Accessing a directly referenced page is common in order to receive the noindex header and/or meta tag, whose semantics are not implied by “Disallow: /”

And then all the links are to external domains, which aren't subject to the first site's robots.txt

fsckboy 804 days ago

humans don't read/respect robots.txt, so in order to pass the Turing test, ai's need to mimic human behavior.

queuebert 804 days ago

Did we just figure out a DoS attack for AGI training? How large can a robots.txt file be?

everforward 804 days ago

No, because there’s no legal weight behind robots.txt.

The second someone weaponizes robots.txt all the scrapers will just start ignoring it.

a_c 804 days ago

What about making it slow? One byte at a time for example while keeping the connection open

Takennickname 803 days ago

> Except the first thing openai does is read robots.txt.

What good is reading it if it doesn't respect it

GaggiX 804 days ago

It seems to respect it as the majority of the requests are for the robots.txt.

flutas 804 days ago

He says 3 million, and 1.8 million are for robots.txt

So 1.2 million non robots.txt requests, when his robots.txt file is configured as follows

    # buzz off
    User-agent: GPTBot
    Disallow: /

Theoretically if they were actually respecting robots.txt they wouldn't crawl any pages on the site.
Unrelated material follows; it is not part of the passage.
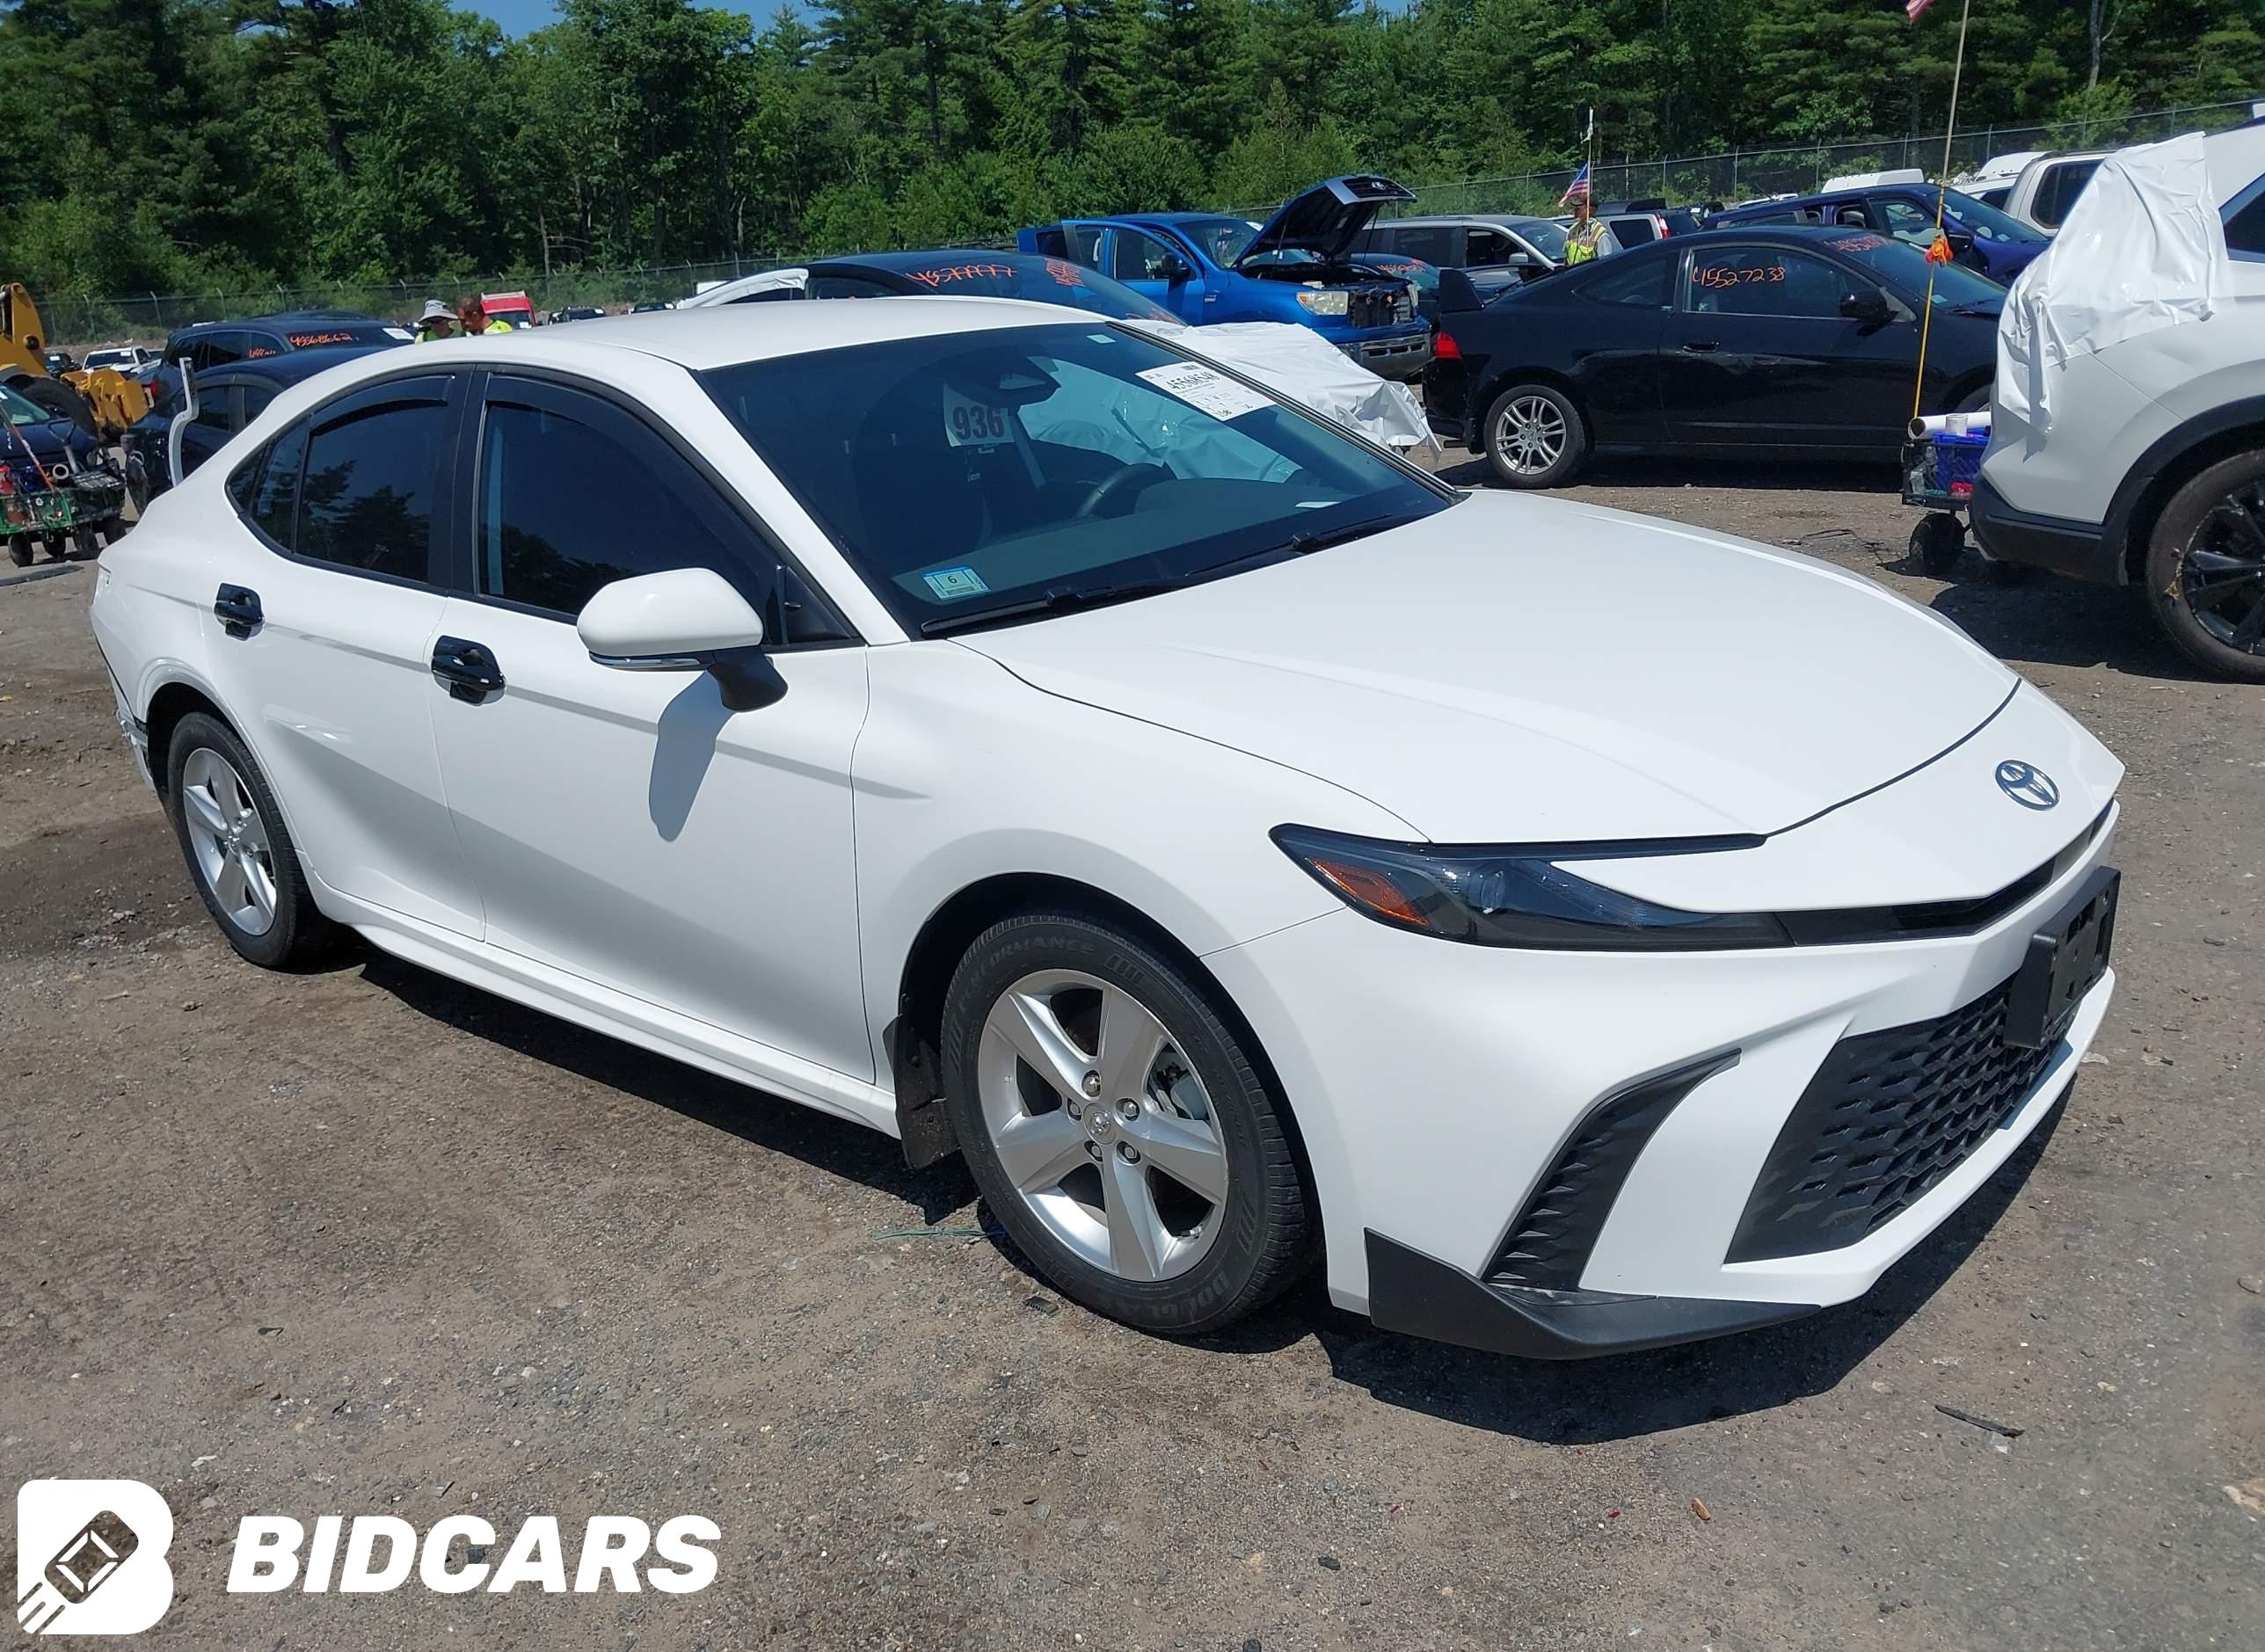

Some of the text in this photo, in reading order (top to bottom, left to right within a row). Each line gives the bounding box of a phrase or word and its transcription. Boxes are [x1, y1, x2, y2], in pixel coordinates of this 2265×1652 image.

[1692, 266, 1786, 288] 45527238
[952, 405, 1005, 440] 936
[947, 575, 958, 584] 6
Which would also mean they wouldn't be following any links... aka not finding the N subdomains.

otherme123 804 days ago

A lot of crawlers, if not all, have a policy like "if you disallow our robot, it might take a day or two before it notices". They surely follow the path "check if we have robots.txt that allows us to scan this site, if we don't get and store robots.txt, scan at least the root of the site and its links". There won't be a second scan, and they consider that they are respecting robots.txt. Kind of "better ask for forgiveness than for permission".

vertis 804 days ago

Except now it says

    # silly bing
    #User-agent: Amazonbot          
    #Disallow: /

    # buzz off
    #User-agent: GPTBot
    #Disallow: /

    # Don't Allow everyone
    User-agent: *
    Disallow: /archive

    # slow down, dudes
    #Crawl-delay: 60

Which means he's changing it. The default for all other bots is to allow crawling.

jeffnappi 804 days ago

His site has a subdomain for every page, and the crawler is considering those each to be unique sites.

swyx 804 days ago

for the 1.2 million are there other links he's not telling us about?

swatcoder 804 days ago

I'm not sure any publisher means for their robots.txt to be read as:

"You're disallowed, but go head and slurp the content anyway so you can look for external links or any indication that maybe you are allowed to digest this material anyway, and then interpret that how you'd like. I trust you to know what's best and I'm sure you kind of get the gist of what I mean here."

mminer237 804 days ago

How would one know he is disallowed without reading each site?

dspillett 804 days ago

So, it has worked…

pflanze 803 days ago

Linkers & Loaders is their own book (I haven't checked the others).

They have a page at https://www.iecc.com/linker/ where they used to publish a draft of the book contents, but changed the page to say "Chapters were available in an excessive variety of formats, but are not any longer due to chronic piracy", when it got posted to HN at https://news.ycombinator.com/item?id=18424233 and I bundled the files for offline reading. I notified them via email about that asking if they are OK with it but got an unfriendly response that I pirated the files and that wasn't OK, so I took the link down again and they changed that text. (Shrug. I'm not a/the book author, they are. I'll say that I also suggested to them they ask on the page not to do what I did since then I wouldn't have, but they chose their more radical approach.)

agilob 804 days ago

It's for shits-and-giggles and it's doing its job really well right now. Not everything needs to have an economic purpose, 100 trackers, ads and backed by a company.

phyzome 804 days ago

And yet it has the Amazon links, which makes it appear to have some economic purpose...

phyzome 804 days ago

...oh right, it's probably so that every page has affiliate links, which should be a signal of low quality to a crawler.

schleck8 804 days ago

The books on there are affiliate links I think.